(Referring expression grounding data)

>>>

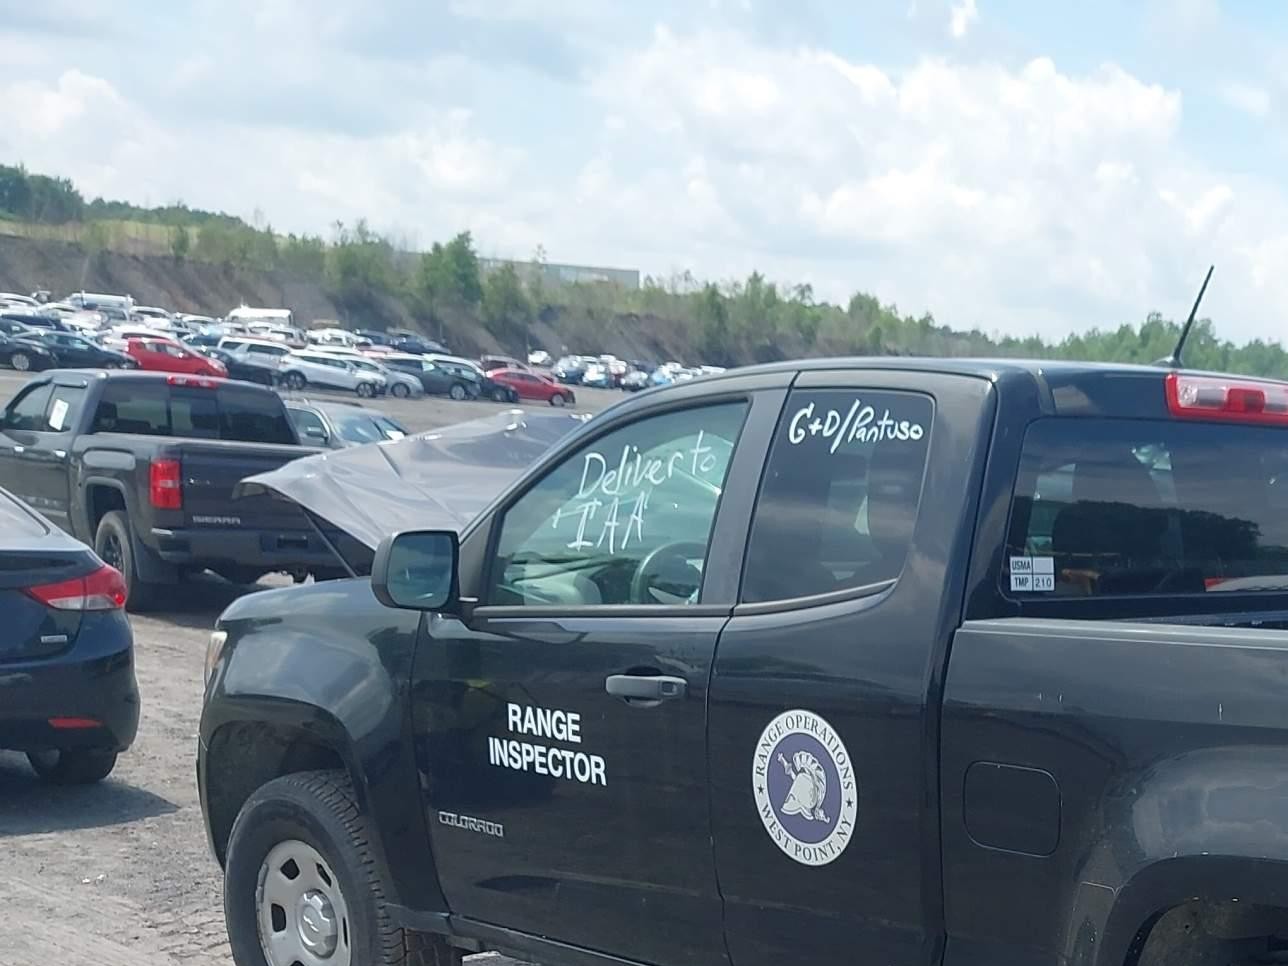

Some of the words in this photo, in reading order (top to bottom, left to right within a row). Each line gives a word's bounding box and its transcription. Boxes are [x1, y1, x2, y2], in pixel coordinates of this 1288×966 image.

[577, 445, 683, 498] Deliver
[690, 430, 716, 475] to
[552, 491, 648, 554] IAA
[1011, 560, 1031, 570] USMA
[1015, 577, 1029, 588] TMP
[1035, 576, 1052, 588] 210
[508, 703, 581, 743] RANGE
[488, 737, 607, 786] INSPECTOR
[755, 722, 783, 777] RANGE
[785, 714, 854, 790] OPERATIONS
[438, 811, 503, 837] COLORADO
[762, 804, 792, 849] WEST
[836, 815, 852, 842] NY

<<<

§ Task:
Copy every record exactly as it appears, apart from any pictures.

§ Exercise answer:
Some of the words in this photo, in reading order (top to bottom, left to right within a row). Each line gives a word's bounding box and its transcription. Boxes are [x1, y1, x2, y2], in pixel coordinates of this 1288×966 image.

[577, 445, 683, 498] Deliver
[690, 430, 716, 475] to
[552, 491, 648, 554] IAA
[1011, 560, 1031, 570] USMA
[1015, 577, 1029, 588] TMP
[1035, 576, 1052, 588] 210
[508, 703, 581, 743] RANGE
[488, 737, 607, 786] INSPECTOR
[755, 722, 783, 777] RANGE
[785, 714, 854, 790] OPERATIONS
[438, 811, 503, 837] COLORADO
[762, 804, 792, 849] WEST
[836, 815, 852, 842] NY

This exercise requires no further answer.